This echoed a claim he made in an all-caps screed on Truth Social days earlier: “I WILL PROTECT WOMEN AT A LEVEL NEVER SEEN BEFORE. THEY WILL BE HEALTHY, HOPEFUL, SAFE, AND SECURE.”
I heard the word “protector” often growing up in the Texas Bible Belt, a place where churches outnumbered retail stores and people introduced themselves by their Christian denomination. Some were Baptist. Others were Methodist. We were the Church of Christ.
While some white evangelicals believe in equality among sexes, most, including my church, pushed a concept known as complementarianism. It means men and women have different but complementary roles. Men are supposed to be the providers and protectors, while women are the nurturers and supporters. Complementarians believe the Bible backs these differences.

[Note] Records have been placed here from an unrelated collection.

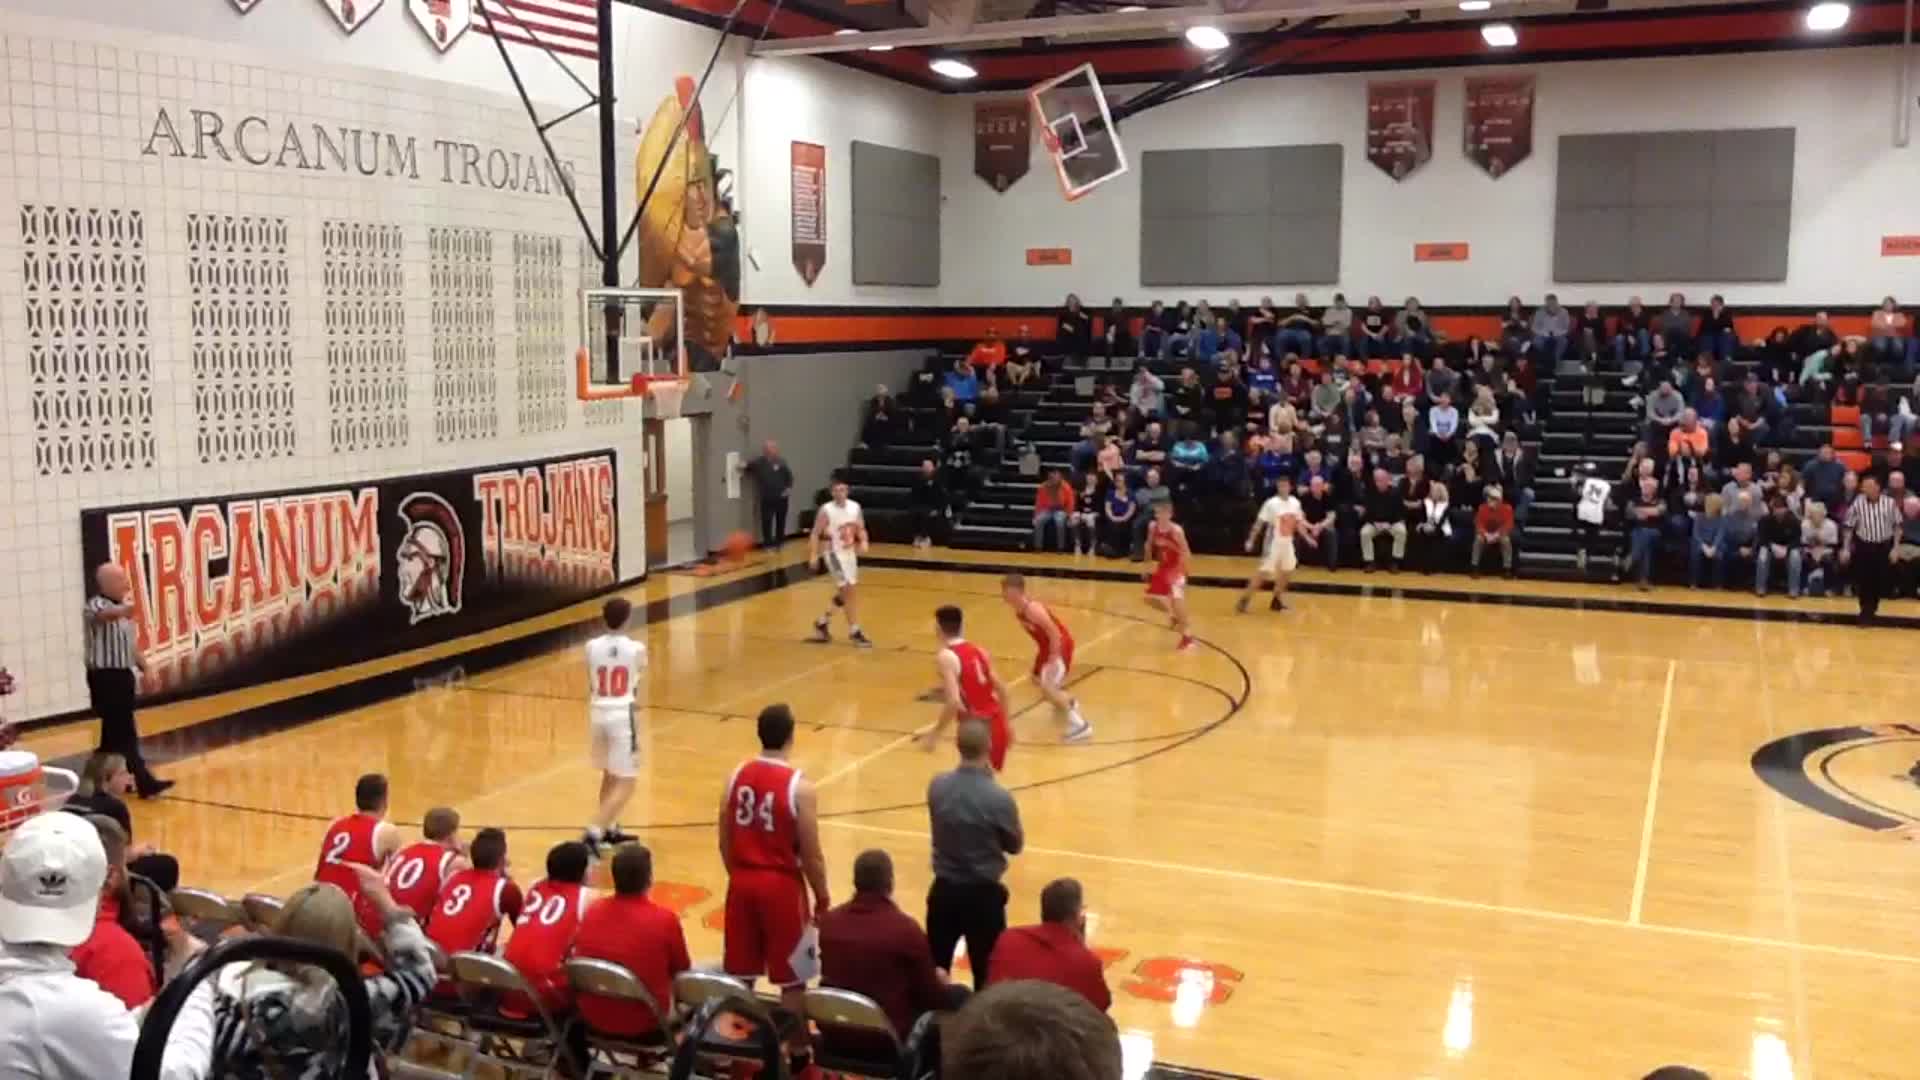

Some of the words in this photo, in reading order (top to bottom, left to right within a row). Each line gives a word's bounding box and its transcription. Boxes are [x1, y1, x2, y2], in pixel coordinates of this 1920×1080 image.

[141, 106, 420, 179] ARCANUM
[434, 139, 576, 197] TROJANS
[108, 487, 380, 660] ARCANUM
[473, 455, 615, 562] TROJANS
[597, 665, 629, 697] 10
[735, 785, 776, 832] 34
[325, 831, 351, 865] 2
[443, 883, 472, 916] 3
[516, 888, 567, 926] 20

Ironically, growing up, I rarely felt protected by the men in our church. From a young age, my female peers and I were told we had the power to cause men to “stumble into sin,” which is a nicer way of saying that our young bodies would cause them to lust. The accusation was confusing because it simultaneously infantilized us and accelerated us into adulthood. Though many of us weren’t even old enough to think about sex, we were now told we had to be responsible for it.
An elder at my childhood church once warned my friend’s mother that her daughter’s “provocative” clothes weren’t suited for her “changing body.” She was 11. She and her mother were filled with shame, stuffing her daughter’s closet with long and baggy denim clothes as if it were a fabric barrier between the elder’s sin and her prepubescent body. Men who leer at children are the dangerous ones, not the children themselves. Yet, the elder’s words belie an underlying mindset common to evangelicals: men have the power to control everything but themselves.

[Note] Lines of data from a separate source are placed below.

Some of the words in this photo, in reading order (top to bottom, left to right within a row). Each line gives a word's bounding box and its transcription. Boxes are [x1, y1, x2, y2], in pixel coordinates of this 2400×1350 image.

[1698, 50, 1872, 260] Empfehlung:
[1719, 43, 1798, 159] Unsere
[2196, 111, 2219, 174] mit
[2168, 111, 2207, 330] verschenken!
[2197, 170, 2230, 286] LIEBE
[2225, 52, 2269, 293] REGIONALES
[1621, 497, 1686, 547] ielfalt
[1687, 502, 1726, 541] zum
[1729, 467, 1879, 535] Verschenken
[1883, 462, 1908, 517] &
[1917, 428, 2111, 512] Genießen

That is certainly true of Trump. The man who is vying to be the most powerful in the country has a long history with uncontrolled sexual behavior. He infamously boasted to Billy Bush on “Access Hollywood” about forcefully groping and kissing unwilling women. He bragged about strolling into Miss Teen USA dressing rooms to get a glimpse of the half-naked underage contestants. A jury found Trump liable for sexually abusing E. Jean Carroll, and another jury heard the testimony of Stormy Daniels, who said Trump cheated on his wife, Melania Trump, with her before covering up their affair with a $130,000 hush money payment.
The word that springs to mind is not protector — it’s predator.

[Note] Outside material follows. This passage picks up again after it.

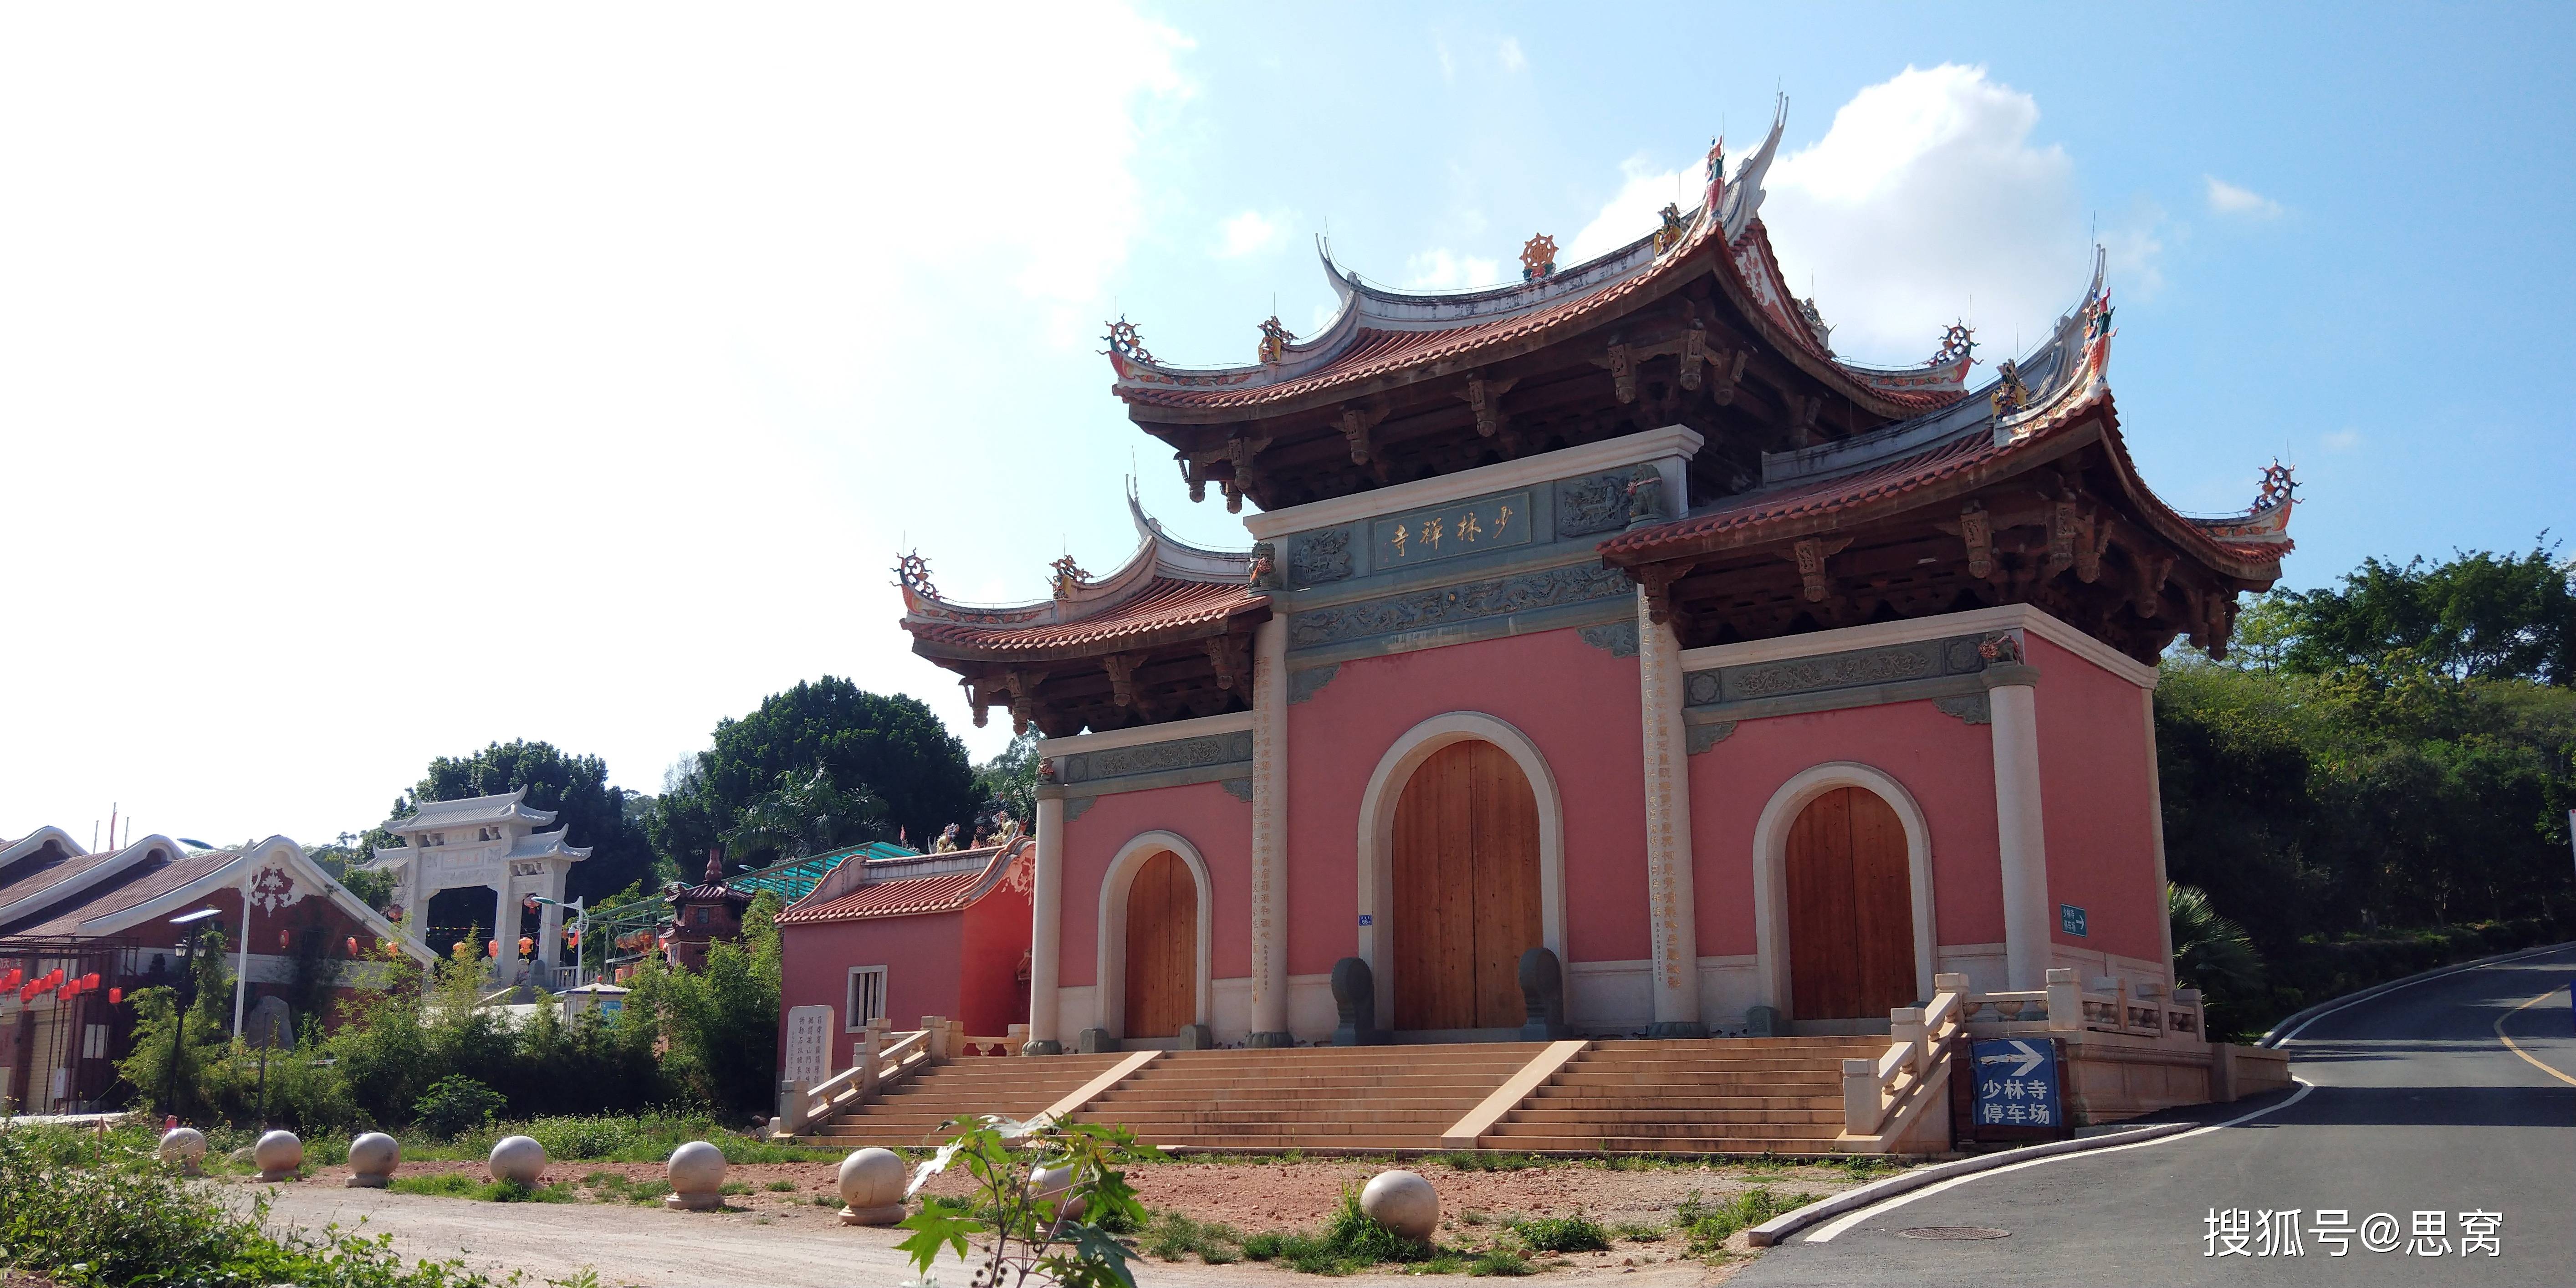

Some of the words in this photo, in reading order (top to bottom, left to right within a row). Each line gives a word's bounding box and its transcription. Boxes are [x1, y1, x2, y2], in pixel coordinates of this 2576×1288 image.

[2063, 907, 2075, 920] 少林寺
[2064, 920, 2076, 932] 停车场
[1983, 1079, 2047, 1100] 少林寺
[1983, 1103, 2050, 1124] 停车场

Trump isn’t drawing his inspiration from the Bible — the man once referred to “Second Corinthians” as “Two Corinthians” — but white evangelicals have embraced Trump as a leader because he shares their vision that women are subservient.
Evangelicals are taught that God cursed Eve for tempting Adam to eat fruit from the tree of knowledge of good and evil, making all women subordinate to men forever. Women’s main purpose became to “be fruitful and multiply,” filling the earth with children, while men’s role was to rule over women. In the highlight reels of social media, tradwives make the outdated concept appear trendy and idyllic. Christian influencers tell women there is strength in submission. I was fed a steady diet of these messages until I had my own daughter — and realized I wanted better for her.
My daughter was 2 when Trump was elected. She’s 10 now and hasn’t known a world where he’s not poisoning the airwaves in some way. By the time white evangelicals went all in for Trump, calling him “honest” and “morally upstanding” in polls, we’d been questioning other elements of white evangelical culture for years. We affirmed LGBTQ+ rights and dignity, while many of our Christian peers did not. We also fellowshipped with people who called climate change a hoax instead of seeing it as an opportunity to defend nature, which we believed was God’s creation. Those were disagreements we could parse. Trump was not.
In the world, Trump’s own descriptions of his predatory behavior could be considered criminal. Among our evangelical friends and family, they were written off as “locker room talk.” In the world, Trump’s flagrant, unscrupulous infidelity was criticized. In our church, he was compared to the Bible’s flawed hero, King David, who sent a woman’s husband to his death so he could claim her as his own. Every excuse our fellow church members made for Trump told the same story — protection exists for men, not the women they violate.
My husband and I began to distance ourselves from the church we loved, where we had spent hundreds of hours serving. We were simply no longer willing to raise our daughter (or our son) in a place that used the idea of protection as a veil to dominate and harm women.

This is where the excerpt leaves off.